## SOURCE MATERIAL
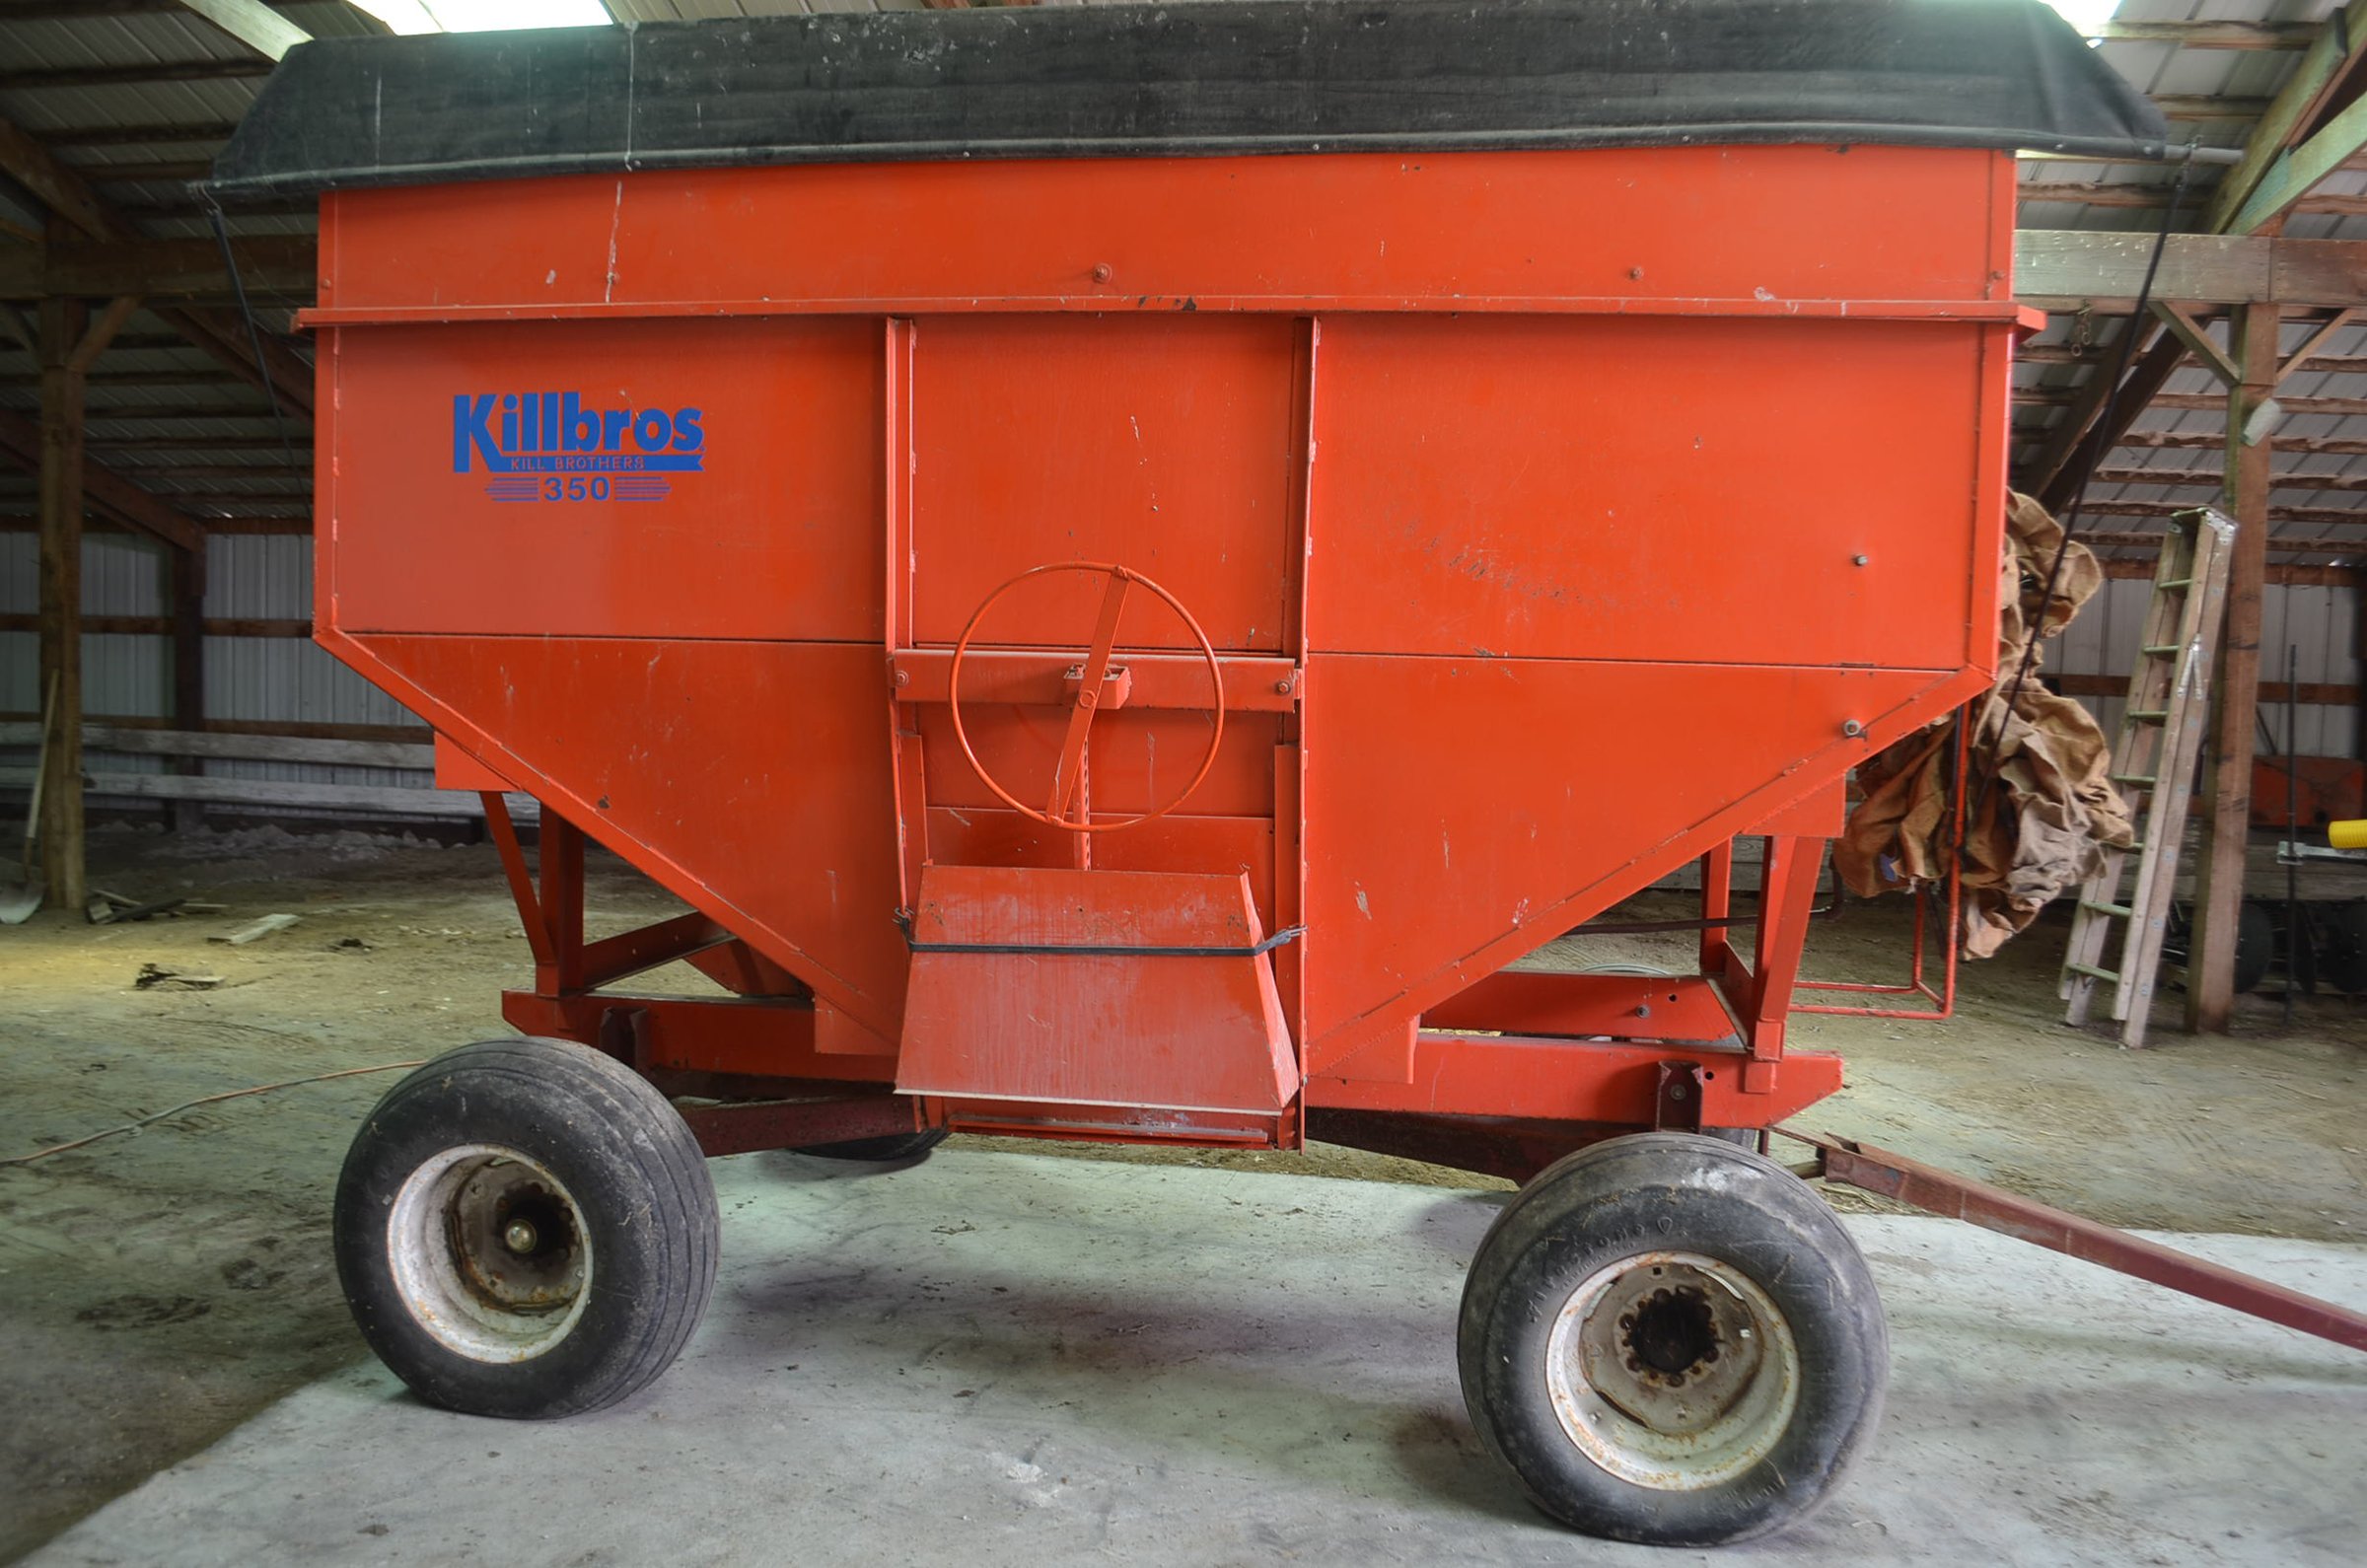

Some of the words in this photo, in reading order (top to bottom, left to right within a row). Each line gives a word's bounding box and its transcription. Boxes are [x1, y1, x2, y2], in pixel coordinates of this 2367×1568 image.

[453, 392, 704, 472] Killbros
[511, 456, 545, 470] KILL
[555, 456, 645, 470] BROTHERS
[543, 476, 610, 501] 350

## WHAT THE EXERCISE ASKS
What is needed is the whole listing again, exactly as written, with the images left out.

## RESPONSE AREA
Some of the words in this photo, in reading order (top to bottom, left to right within a row). Each line gives a word's bounding box and its transcription. Boxes are [x1, y1, x2, y2], in pixel coordinates of this 2367×1568 image.

[453, 392, 704, 472] Killbros
[511, 456, 545, 470] KILL
[555, 456, 645, 470] BROTHERS
[543, 476, 610, 501] 350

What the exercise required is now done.